Bon, bon, bon ... On ne peut pas dire que je sois très fidèle à mon blogue. Que s'est-il passé depuis ma bonne volonté de début d'année et maintenant ? Six longs mois, entre autre. Que s'est-il passé pendant tous ces mois ? Beaucoup trop d'évènements que je ne suis pas encore en mesure de gérer, mais il faut que j'apprenne, il paraît.
Comme je l'indique dans ma description de blogue, je suis une enseignante au secondaire qui adore son travail... et peut-être trop. Je n'ai plus honte de le dire, j'ai craqué. Mon corps et mon esprit m'ont abandonnée.
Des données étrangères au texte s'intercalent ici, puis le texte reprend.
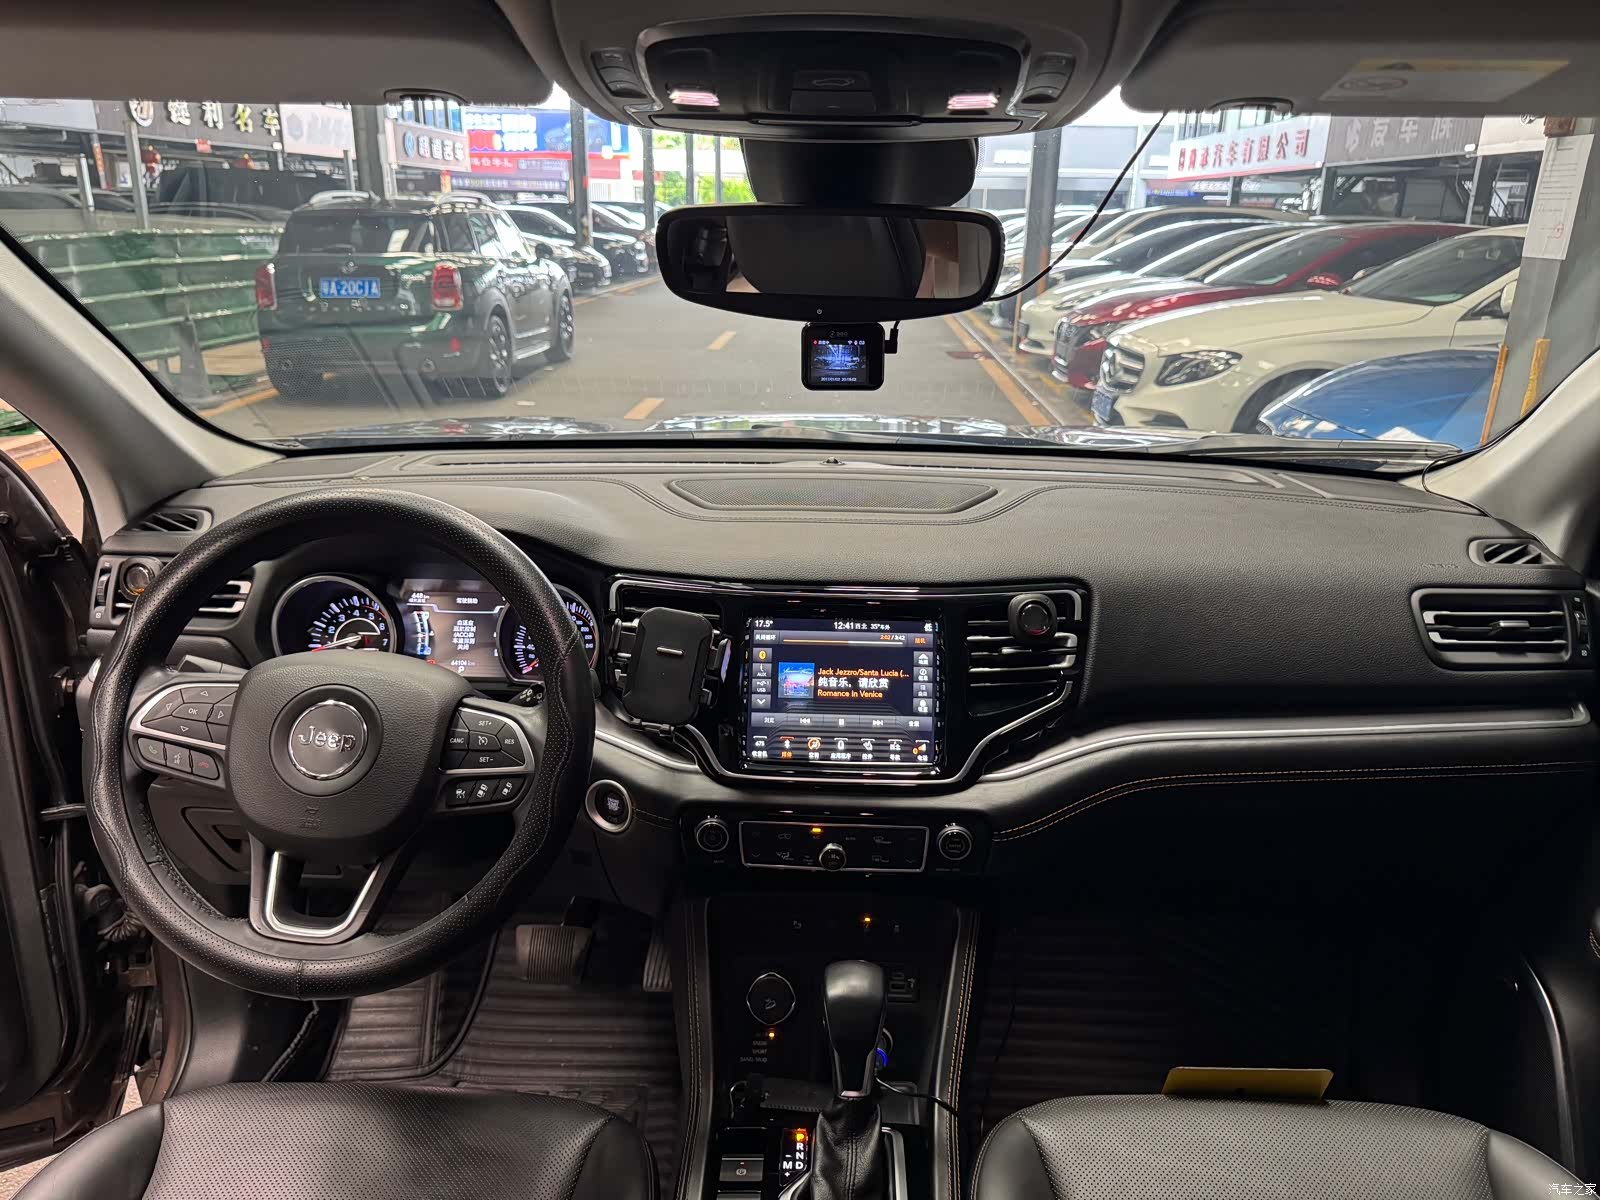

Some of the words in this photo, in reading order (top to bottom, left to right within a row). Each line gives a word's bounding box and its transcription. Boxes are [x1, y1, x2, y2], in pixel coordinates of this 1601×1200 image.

[817, 667, 834, 676] Jack
[880, 669, 898, 677] Lucia
[817, 689, 850, 697] Romance
[859, 690, 883, 699] Venice
[188, 707, 199, 715] OK
[297, 725, 356, 753] Jeep
[796, 1133, 804, 1141] P
[796, 1142, 804, 1151] R
[796, 1152, 804, 1160] N
[783, 1161, 793, 1170] M
[795, 1161, 804, 1170] D
Le diagnostic médical est tombé: épuisement professionnel. Le terme fait peur à plusieurs d'entre nous, la réalité l'est tout autant. Depuis plusieurs mois, mon corps m'a pourtant envoyé de nombreux signaux: nausées, migraines, étourdissements, etc. J'ai mis le tout sur le compte de la fatigue, du stress inhérent à l'emploi, à mes nombreuses implications et réunions de toutes sortes. Jamais je n'aurais pu croire que cela aurait pu m'arriver à MOI. Aux autres, sûrement, mais pas à moi. Il m'a bien fallu me rendre à l'évidence. Je ne dormais preque plus, je n'avais plus faim et surtout, je n'avais plus aucune concentration. C'est ce dernier symptôme qui m'a fait le plus peur. Je n'arrivais plus à lire et à retenir l'information. J'assistais à mes réunions et je ne comprenais plus rien. Ce n'était pas moi cette personne-là. Mais c'était rendu moi ...
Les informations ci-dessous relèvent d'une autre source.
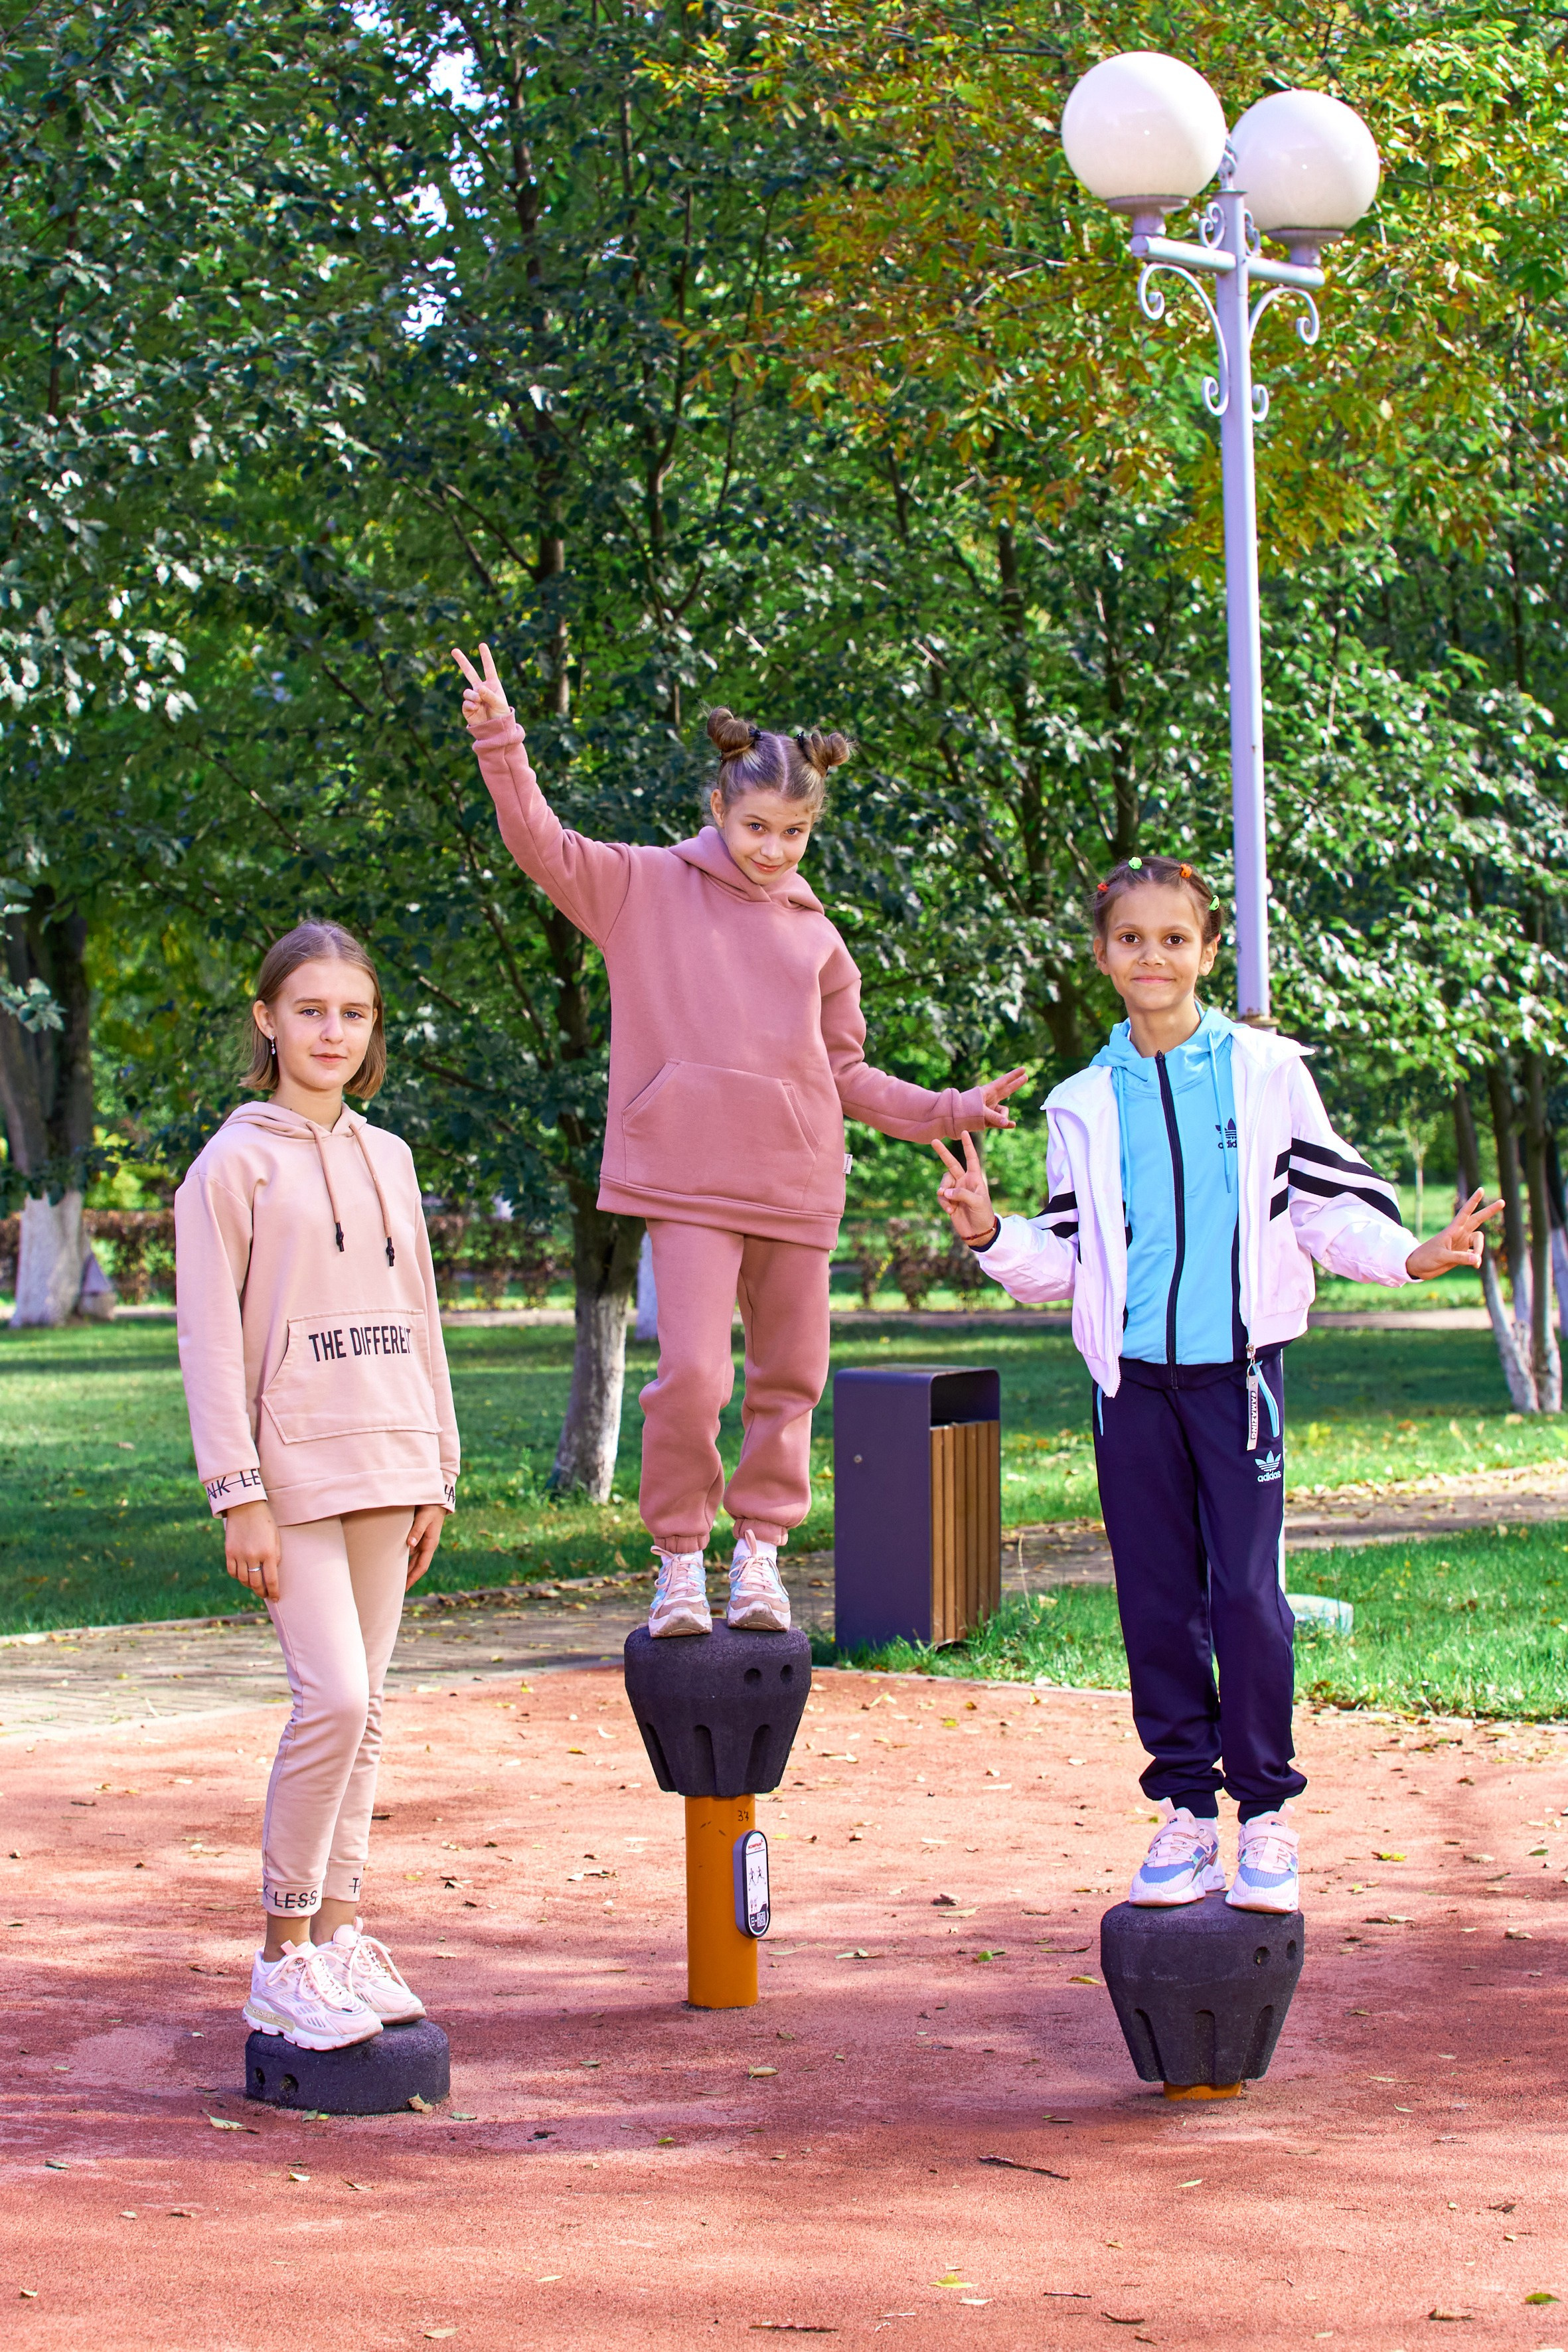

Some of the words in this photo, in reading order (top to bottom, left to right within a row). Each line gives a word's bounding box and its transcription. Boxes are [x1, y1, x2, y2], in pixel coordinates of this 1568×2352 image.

[308, 1329, 347, 1362] THE
[1257, 1470, 1282, 1482] adidas
[274, 1890, 317, 1909] LESS
J'ai alors pris mon courage à deux mains et je suis allée rencontrer mon médecin (j'ai la chance d'avoir un médecin en or !). Il m'a écouté et ensemble on en est venu à la conclusion de l'épuisement professionnel. Il m'a signé un "congé" de maladie jusqu'à la fin de l'année scolaire. Cela fait donc quelques temps que je suis arrêtée et ce, jusqu'à la prochaine rentrée scolaire. J'ai eu peur ... qu'allais-je faire de tout ce temps ? Je me suis bien vite rendue compte que je ne pourrais pas faire grand chose ... les premières semaines j'ai été très malade: migraines et vomissements. Par la suite, j'étais clouée au lit de fatigue, tout mon corps me faisait mal. Maintenant, aujourd'hui, après quelques semaines de repos, je peux dire que je vais un peu mieux ... mais la fatigue est toujours présente et c'est plutôt difficile à accepter. Quand on est habituée à faire une multitude de choses dans notre journée et notre semaine, accepter que l'on ne peut rien faire, ce n'est pas facile.
Pourquoi je parle de ma réalité ? Parce que dans la société de performance dans laquelle on vit, nous sommes vite jugés lorsque l'on parle d'épuisement professionnel. Cet état dans lequel je suis, je ne le souhaite à personne. Ce n'est pas visible, ce n'est pas tangible, mais c'est bel et bien là. Rappelez-vous de la publicité concernant la dépression. Celle où l'on voyait les collègues compatissant devant une jambe cassée, mais qui ne semblaient pas comprendre la dépression de leur collègue. Ce n'est pas parce que ça ne se voit pas que ce n'est pas douloureux. Par chance, j'ai des collègues et une direction en or (je suis extrêmement chanceuse !). Ils ont bien compris ma situation et ils me supportent. Très rapidement, à l'annonce de mon départ, ils ont pris ma tâche et mes élèves en charge. J'ai pu compter sur leur appui et cela a allégé de beaucoup la "culpabilité" de partir.
Dorénavant, il faut que j'apprenne à m'accorder plus de temps, à me mettre au centre de ma vie. Tout un apprentissage ! Je vais y arriver, j'ai confiance en moi.